Alex Mathews, Lead Security Evangelist at Positive Technologies:
“There is a growing trend in the use of collaboration tools like HipChat, which means lots of very sensitive company information is now reliant on the security of outsourced providers. Teams use them for everything from product development to business strategy, with absolute trust in the platform’s security.
“The problem is, if there is a vulnerability the scope for illicit collection of sensitive and valuable company data is huge. As in this case, it doesn’t even have to be the code written by the platform provider itself that is vulnerable, but written by a third party.
“We would advise all users to change their passwords immediately and update any other logins that use the same email address. Enterprise customers should refrain from using the application to share sensitive information until an update has been issued closing the vulnerability.”
Javvad Malik, Security Advocate at AlienVault:
“HipChat have done a good job of communicating the breach to customers in a timely manner, indicating that they had monitoring controls in place to look for breaches. The company also provided reassurance on the security of its systems with passwords being hashed with bcrypt. It also followed up with the good step and advice to customers to reset their passwords.
“Customers should also be sure to change their passwords on other systems if they were reusing the same one.
“While HipChat has apparently covered all the bases and should be commended for their swift and appropriate response. There is the small issue of other data that could have been potentially accessed by attackers.
“The company states it is confident that actual data from rooms was not accessed, but metadata was probably accessible. This on its own could be concerning to some enterprises, as information can be inferred from metadata. As an outlandish example, if Apple were using HipChat and had a room entitled, “Self Driving iCar” one could infer what the next direction of the company is.”

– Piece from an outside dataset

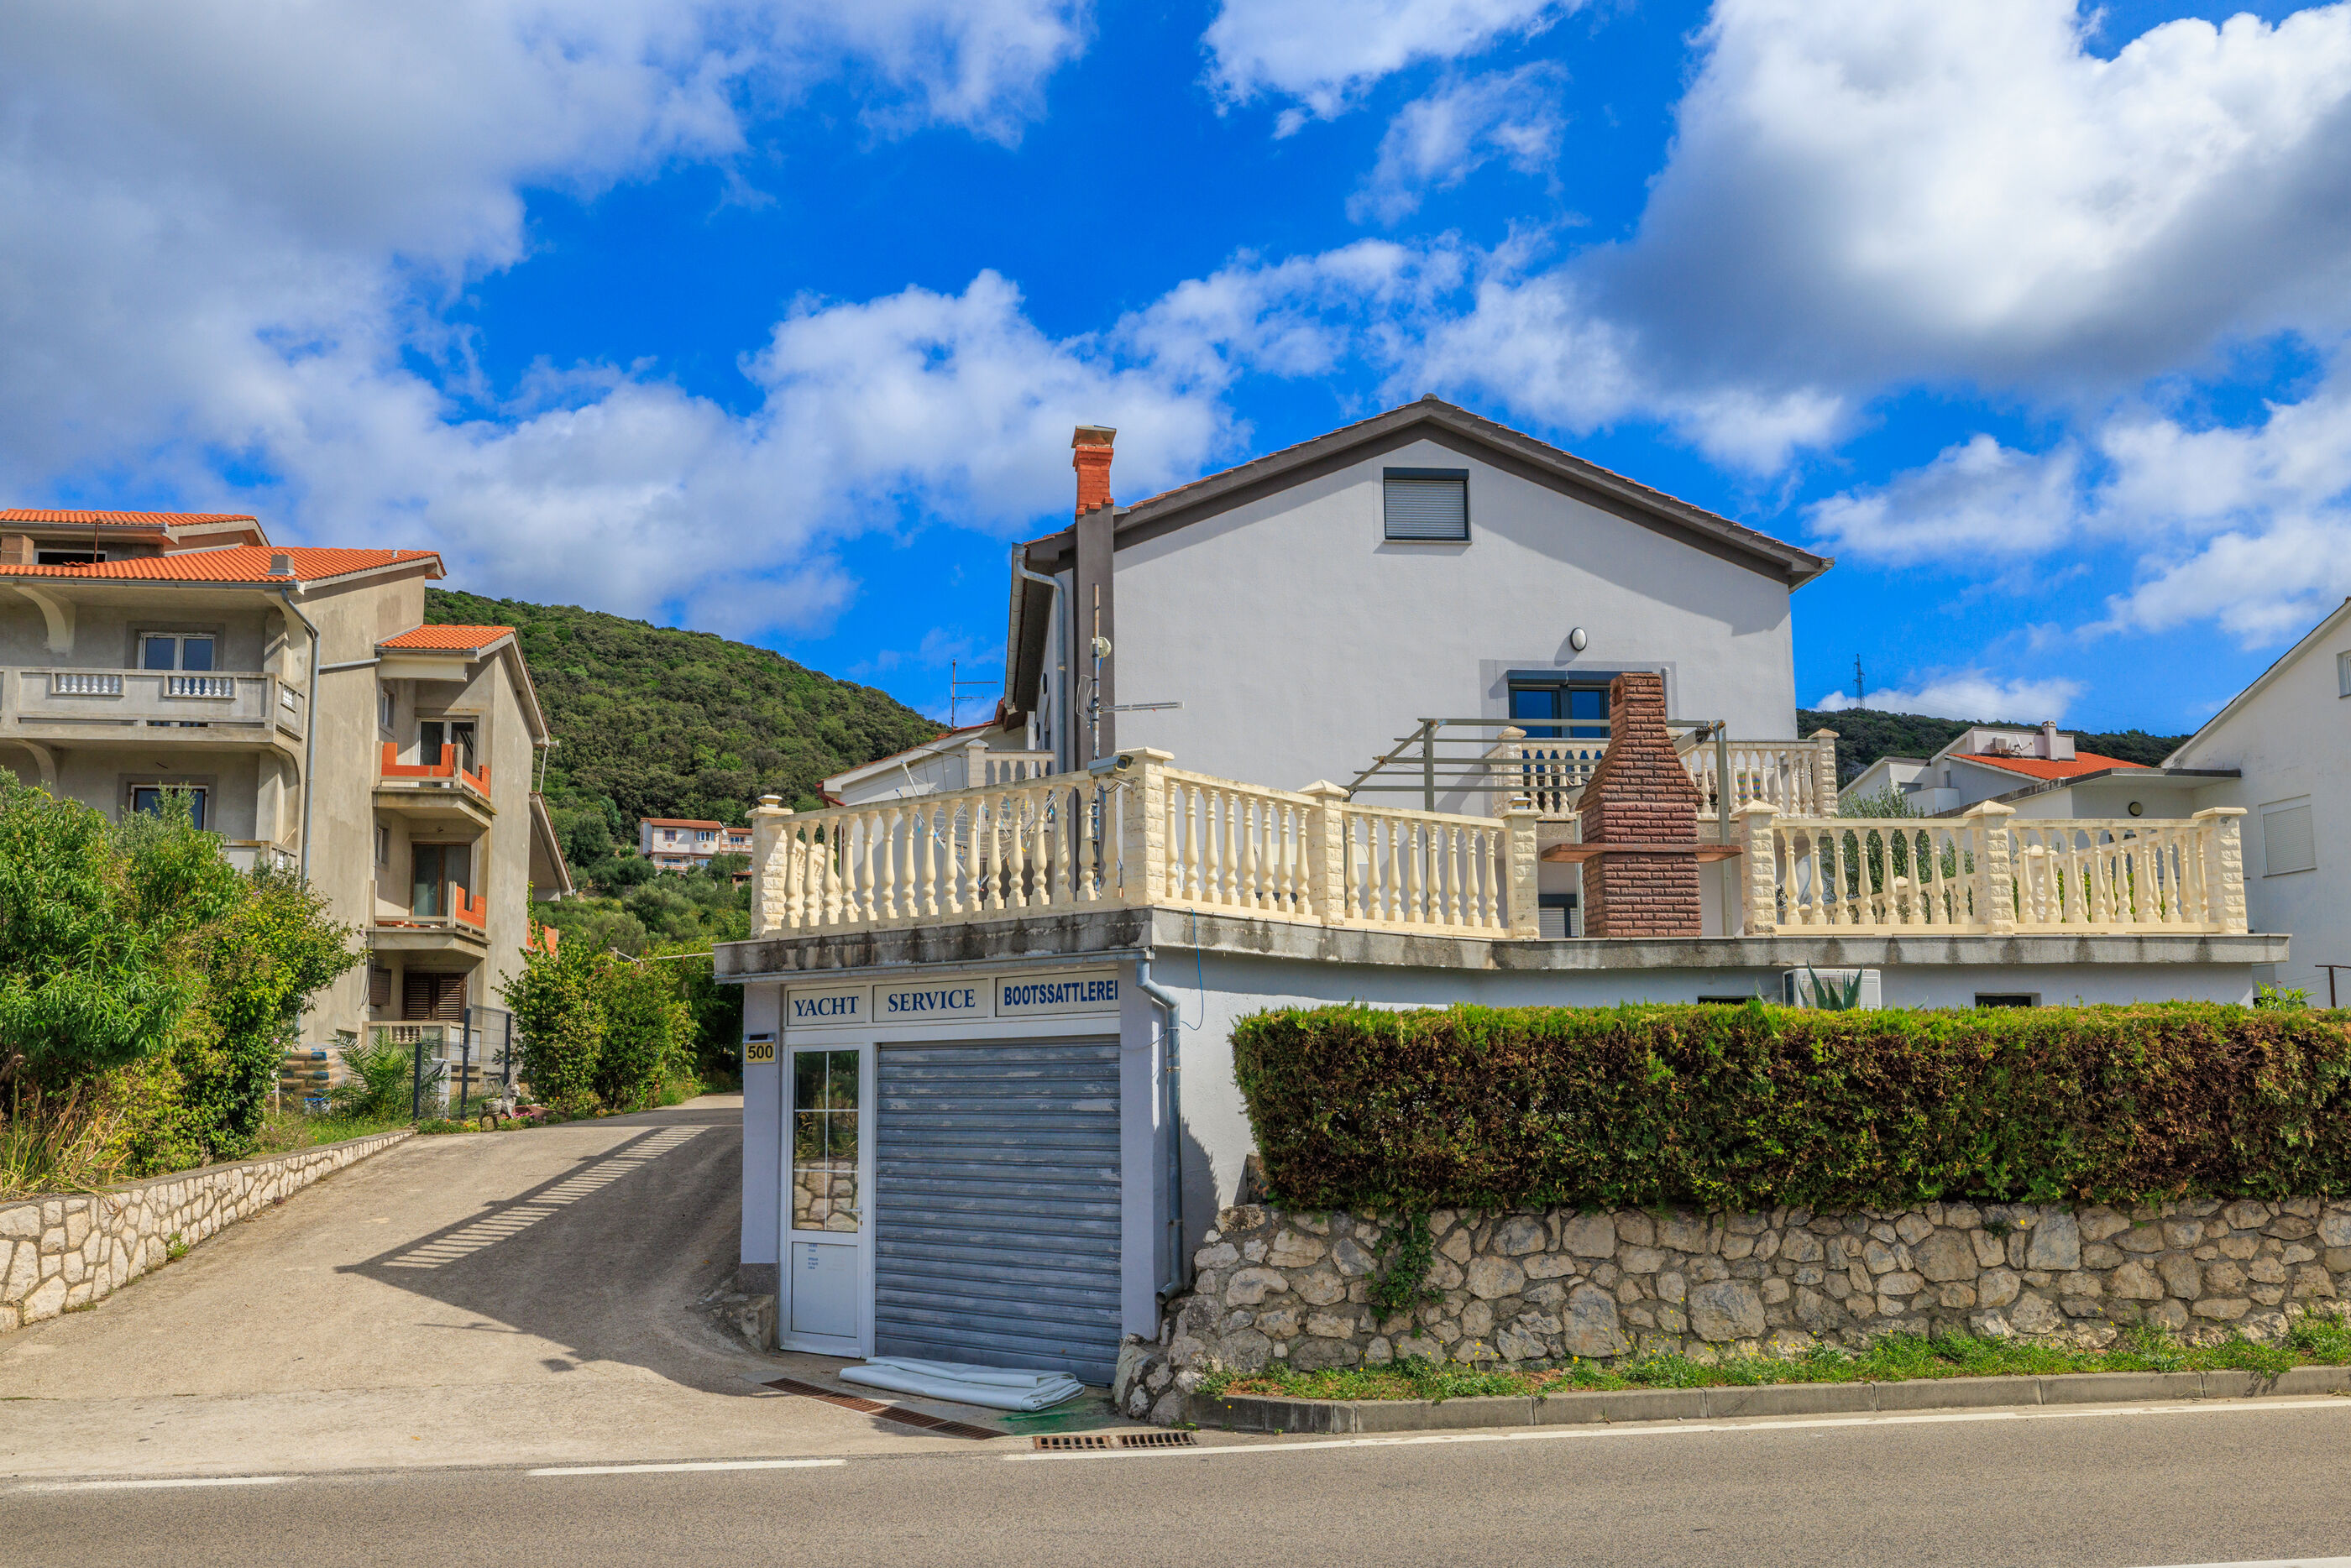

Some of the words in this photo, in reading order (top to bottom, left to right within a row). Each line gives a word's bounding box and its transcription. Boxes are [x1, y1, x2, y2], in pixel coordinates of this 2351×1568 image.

Mark James, IT Security Specialist at ESET:
“The company has stated that “In less than 0.05% of instances, hackers may have infiltrated private messages and content within rooms as well”. What does this mean? Well, in theory it means that someone who is going to try and phish or scam for your details may have enough information to trick you into replying or clicking the link. Most spam ends up in the bin, but when there is an element of trust or truth in the context of the attack we are more likely to follow it through. Emails talking about room names or topics might just be enough to keep the email out of the bin!
The positive here is how quickly they have acted, password resets are good and notifying affected users quickly is a major plus. We often hear about these types of breaches months if not years after they have happened, but in this case we have seen a good description of events with plenty of information about who, what and when.”
Paul Edon, Director at Tripwire:
“It sounds as though HipChat take their cyber security seriously as the leaked data was hashed and salted, making it more difficult to crack. The issue seems to have been caused by a vulnerability in a third-party library used by HipChat rather than a specific service provided by a third party. The question is, was this a known vulnerability? If “unknown” well done HipChat for the speed at which they identified the breach and took the necessary action to remediate further loss or damage. However, if the vulnerability was “known” then this is another case where security best practise – vulnerability and patch management would have almost certainly prevented the breach.”